Items listed in a dataset:

※ ※ ※

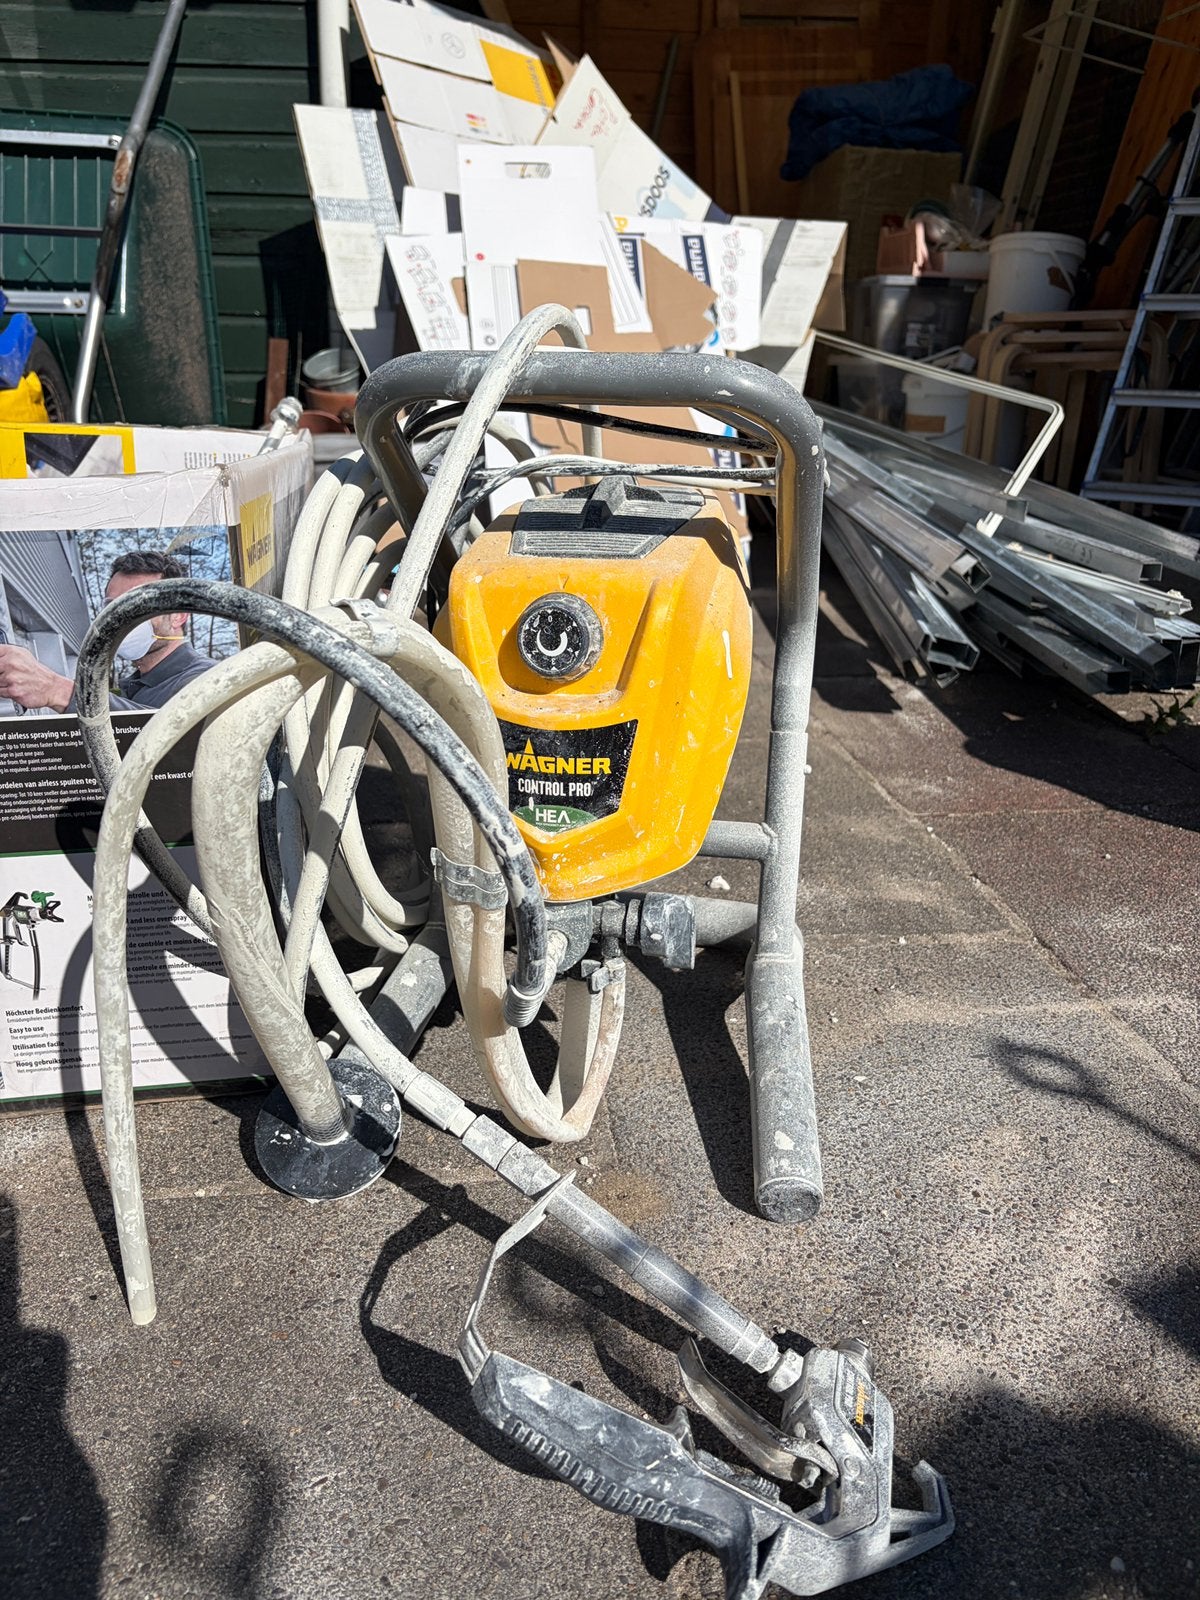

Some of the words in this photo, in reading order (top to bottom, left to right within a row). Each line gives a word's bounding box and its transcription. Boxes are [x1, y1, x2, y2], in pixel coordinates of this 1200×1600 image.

[7, 731, 29, 740] airless
[30, 730, 59, 740] spraying
[506, 738, 612, 775] WAGNER
[24, 780, 37, 788] van
[38, 779, 59, 788] airless
[60, 778, 84, 787] spuiten
[517, 778, 567, 797] CONTROL
[568, 782, 592, 797] PRO
[5, 1008, 34, 1017] Höchster
[35, 1005, 84, 1014] Bedienkomfort
[9, 1026, 24, 1034] Easy
[12, 1043, 46, 1051] Utilisation
[16, 1060, 33, 1068] Hoog
[34, 1056, 82, 1065] gebruiksgemak
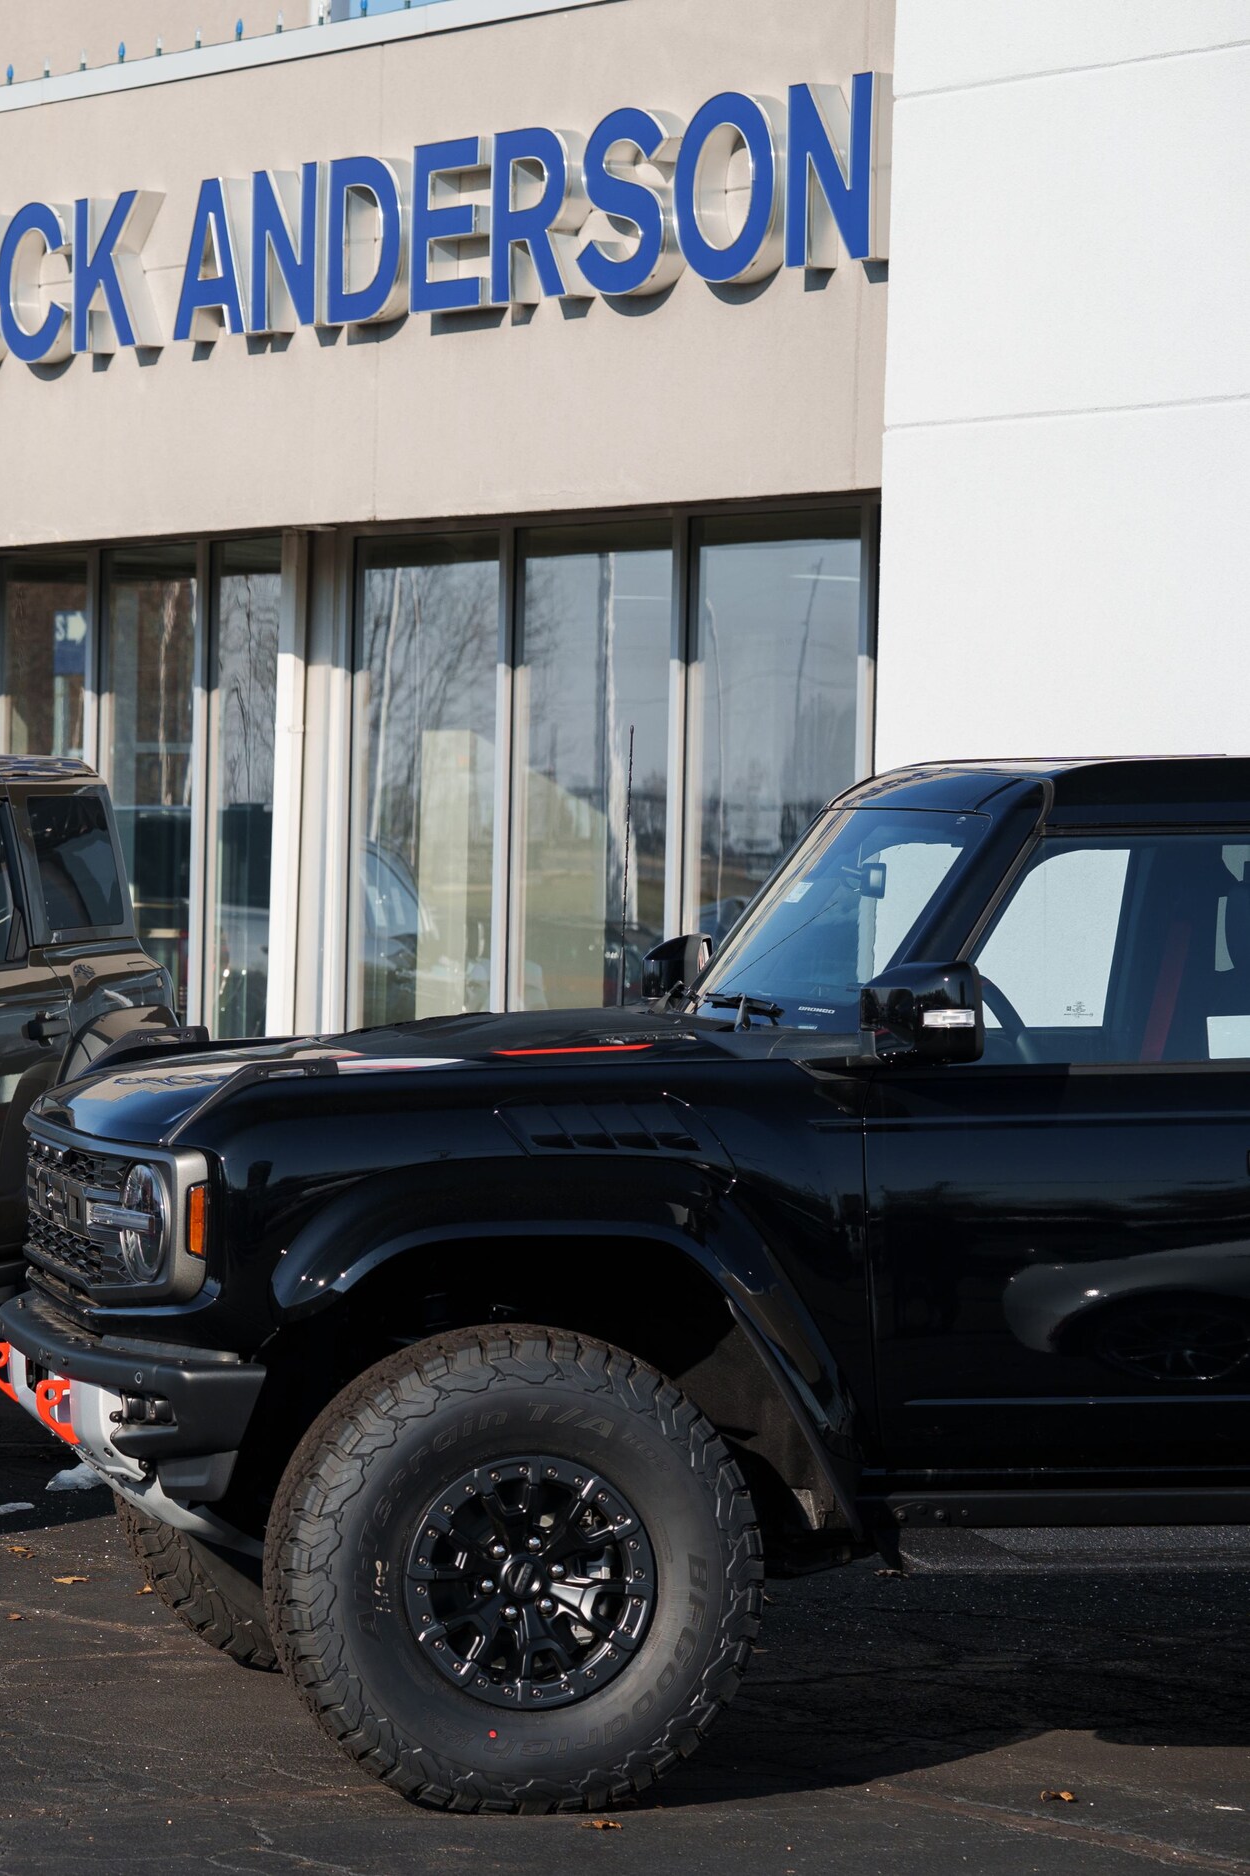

※ ※ ※

**Aim of the task:** For this exercise, output the records exactly but omit their pictures.

**Solution:**
Some of the words in this photo, in reading order (top to bottom, left to right within a row). Each line gives a word's bounding box and its transcription. Boxes are [x1, y1, x2, y2], in pixel coordinates of this 1200×1600 image.

[7, 731, 29, 740] airless
[30, 730, 59, 740] spraying
[506, 738, 612, 775] WAGNER
[24, 780, 37, 788] van
[38, 779, 59, 788] airless
[60, 778, 84, 787] spuiten
[517, 778, 567, 797] CONTROL
[568, 782, 592, 797] PRO
[5, 1008, 34, 1017] Höchster
[35, 1005, 84, 1014] Bedienkomfort
[9, 1026, 24, 1034] Easy
[12, 1043, 46, 1051] Utilisation
[16, 1060, 33, 1068] Hoog
[34, 1056, 82, 1065] gebruiksgemak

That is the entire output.